Tactile Maps and Wayfinding
Tactile maps and wayfinding materials help make buildings, campuses, parks, transportation systems, and public spaces more accessible for people who are blind or visually impaired. By presenting spatial information through raised lines, symbols, textures, and braille, tactile maps provide another way to understand layouts, routes, and points of interest through touch.
Organizations across education, government, museums, healthcare, transportation, and public facilities use tactile maps to improve accessibility while helping visitors and users become more familiar with their surroundings.
This article explores common applications of tactile maps and wayfinding materials. It does not establish accessibility standards or replace guidance from orientation and mobility specialists, architects, accessibility consultants, or other qualified professionals.
What Are Tactile Maps?
Tactile maps are raised representations of physical spaces that allow users to explore locations through touch. Depending on the application, they may include roads, pathways, buildings, landmarks, room layouts, geographic features, transit routes, or other important information.
Many tactile maps also incorporate braille labels, large print, color, and high-contrast graphics to support users with varying levels of vision.
Supporting Wayfinding
Wayfinding refers to helping people understand and navigate physical environments. While tactile maps do not replace orientation and mobility training or accessible building design, they can provide valuable information before or during travel.
Wayfinding materials may be used to identify:
- Building entrances and exits
- Room locations
- Hallways and corridors
- Accessible routes
- Elevators and stairways
- Public amenities
- Emergency exits
The design of tactile wayfinding materials should always be based on the needs of users and applicable accessibility guidance.
Schools and Universities
Educational institutions may use tactile maps to help students, staff, and visitors become familiar with campuses, classrooms, laboratories, libraries, and other facilities. Tactile maps can also support orientation activities and accessible educational programs.
Many schools and universities produce tactile maps using Swell Touch paper processed through a Swell Form Machine, allowing maps to be updated as buildings, classrooms, or campus layouts change.
Museums and Visitor Centers
Museums, cultural institutions, parks, and visitor centers often use tactile maps to introduce guests to exhibit layouts, galleries, walking paths, and points of interest. These materials help visitors better understand the environment before exploring it.
Organizations producing larger quantities of visitor maps, educational materials, or exhibit guides may also benefit from the increased production capacity of the Swell Form Pro Machine.
Public Buildings
Government offices, libraries, healthcare facilities, community centers, and other public buildings may incorporate tactile maps as part of broader accessibility initiatives. These maps can assist visitors in locating entrances, service areas, meeting rooms, public amenities, and accessible routes.

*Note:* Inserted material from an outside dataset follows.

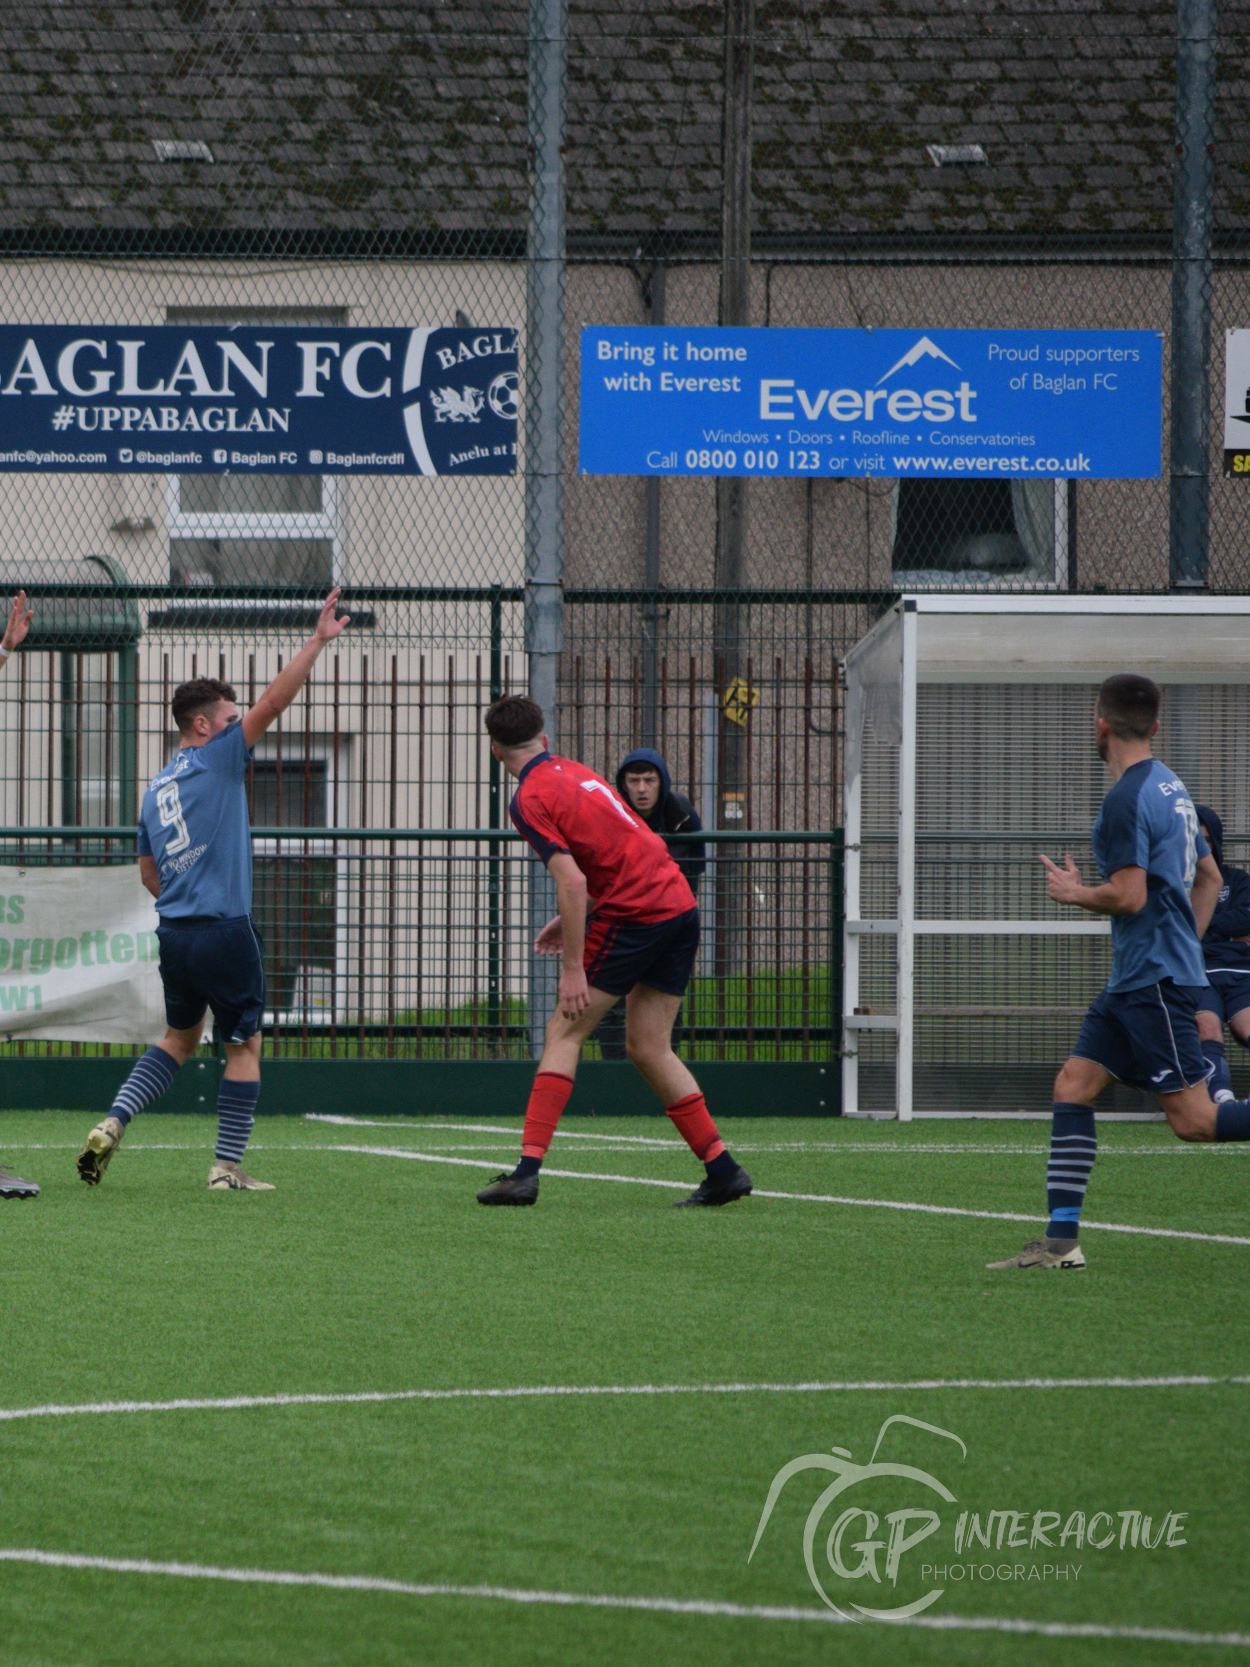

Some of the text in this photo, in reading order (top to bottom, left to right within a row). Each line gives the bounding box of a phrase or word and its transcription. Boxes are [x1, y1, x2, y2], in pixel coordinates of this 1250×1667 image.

Tactile maps are often used alongside braille signage, audible information, and accessible digital resources to provide multiple ways of communicating important information.
Transportation
Transit systems may use tactile maps to represent stations, terminals, platforms, routes, surrounding streets, and transportation connections. These materials can help passengers better understand the layout of transportation facilities while complementing existing accessibility features.
The appropriate design and implementation of transit wayfinding materials should always follow the requirements established by the responsible transportation authority and applicable accessibility standards.
Creating Tactile Maps
One common method for producing tactile maps uses heat-activated Swell Touch paper. Black printed or hand-drawn areas expand when processed through a Swell Form Machine, creating raised tactile graphics while preserving color for visual reference.
For custom maps, concept sketches, classroom demonstrations, or educational activities, Swell Touch Markers provide a simple way to draw directly onto Swell Touch paper before processing.
Keeping Maps Current
Buildings, campuses, exhibits, and public spaces change over time. On-demand production allows organizations to update tactile maps as layouts evolve without relying on large inventories of pre-produced materials.
This flexibility is particularly valuable for schools, museums, visitor centers, and public facilities where information may change regularly.
Zychem’s Role
Zychem manufactures the equipment and materials used to produce heat-activated tactile graphics, including Swell Touch paper, the Swell Form Machine, the Swell Form Pro Machine, and Swell Touch Markers.
While Zychem supplies the technology used to create tactile maps, decisions regarding map design, accessibility requirements, orientation and mobility practices, and wayfinding standards should be made by qualified professionals familiar with the intended users and environment.
To learn more about heat-activated tactile graphics, visit What Is Swell Touch Paper?, What Is a Swell Form Machine?, Applications of Tactile Graphics, Tactile Graphics in Education, and Tactile Graphics for Museums.
Conclusion
Tactile maps and wayfinding materials help make schools, museums, public buildings, transportation systems, campuses, and visitor centers more accessible by presenting spatial information in a tactile format. As organizations continue expanding accessibility, dependable tactile graphics technology provides an efficient way to create, update, and distribute these important resources.